シミコット・西北ネパール 1992年5月

1992年の西北ネパールからチベット・カイラス山への旅は、何度思い返しても不思議な旅だ。
今でも、自分があの旅をした、あの道を歩きとおしたということが信じられない。それをしたのは自分ではないような感覚。
地図上の空白地帯だった西北ネパールから、ヒマラヤを越え、開いていない国境を越えてチベットへ。まさかできるとは思っていなかった。その反面、不思議と行けるような気もしていた。いったいどっちなんだと言われてしまいそうだが。それほど現実味のない計画だったということだけは確かだろう。

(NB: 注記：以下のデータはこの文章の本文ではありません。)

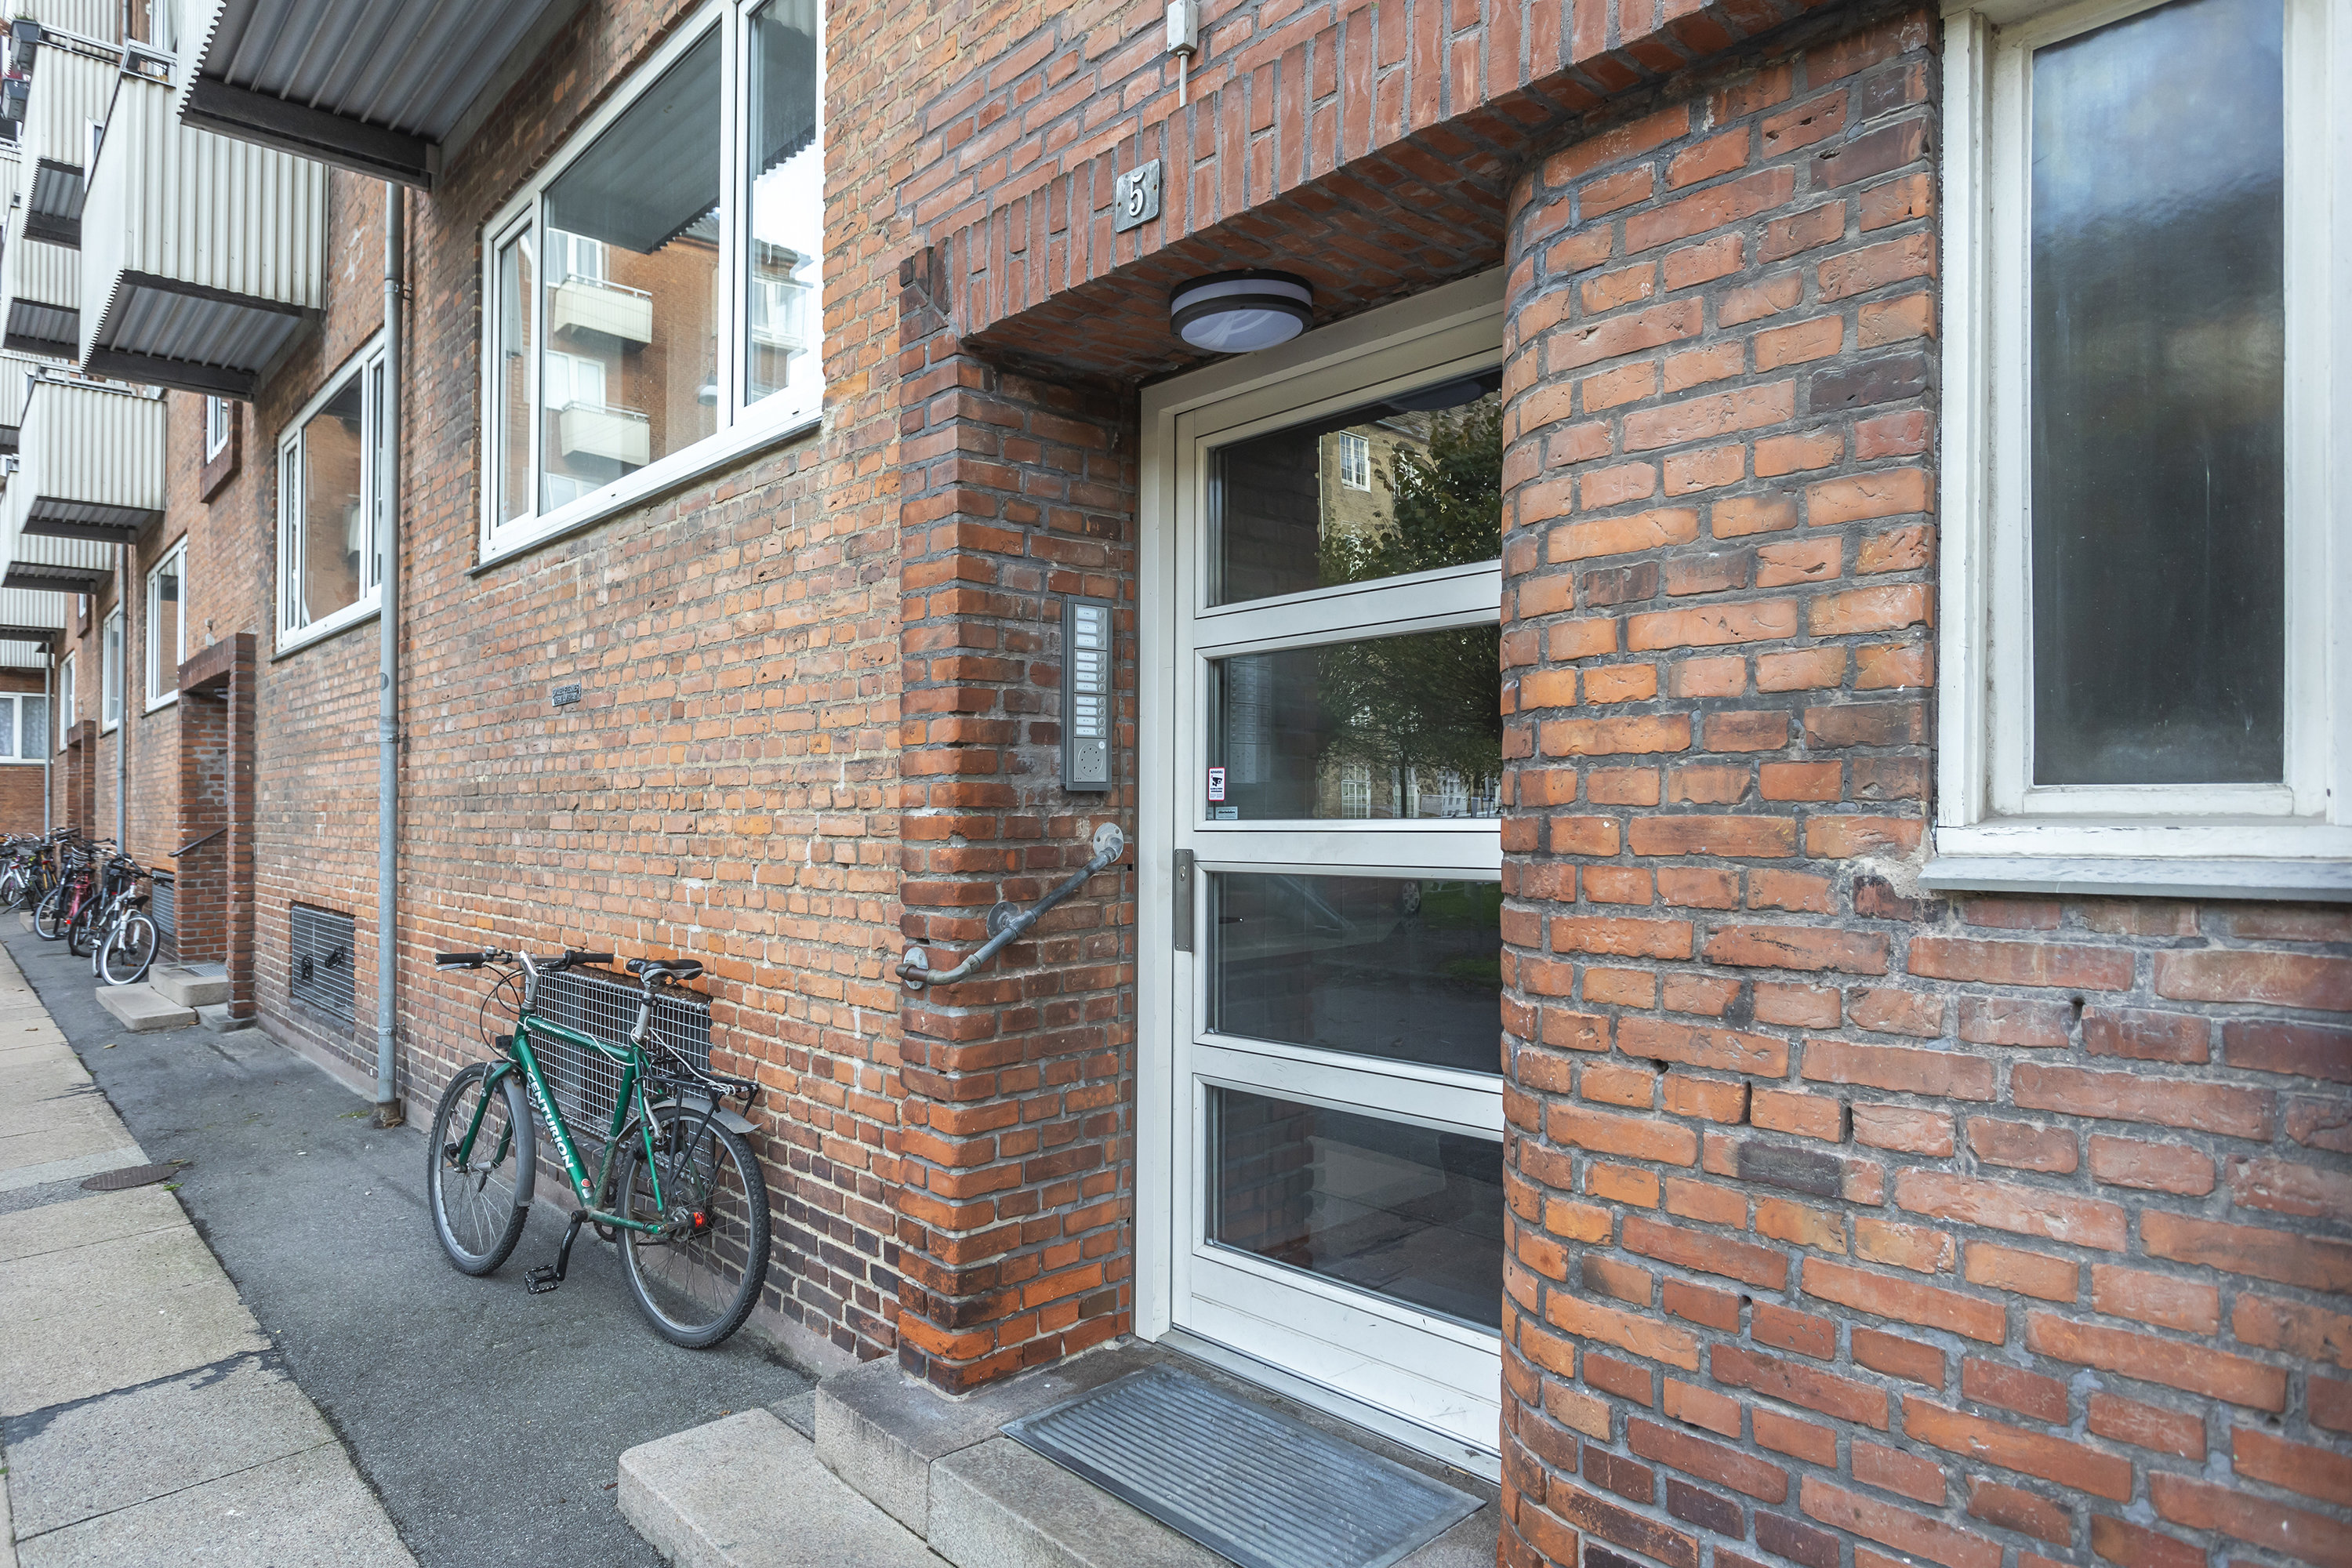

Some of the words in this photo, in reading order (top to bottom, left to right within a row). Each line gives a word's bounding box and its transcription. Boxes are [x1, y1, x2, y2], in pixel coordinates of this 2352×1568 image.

月並みな言い方をすれば、私はこの旅で人生が変わった。
のだろうと思う。
でも、実際のところ、変わったのは外側だけ、つまり職業とか周囲の自分に対する目とか、そんなものだけだ、という気持ちも同時にある。
私は幸運だった。この旅に出る1年半ほど前に出版の世界に遊びで(たった3ヶ月の編集助手アルバイトをほかに何と言えばいいのだろう?)片足突っ込んでおり、その後も何となくその業界の端っこで飯が食えた。このカイラスの旅の後、唯一写真を持ち込んだのがこのときの出版社だった。雑誌に持ち込んだのだが断られ、「ほんじゃいいや」とそれっきりにしていたのを別の人に発掘してもらい、本として日の目を見ることになった。
最初のまともな署名原稿が単行本だった、という点で、私はかなり幸運なライターだった。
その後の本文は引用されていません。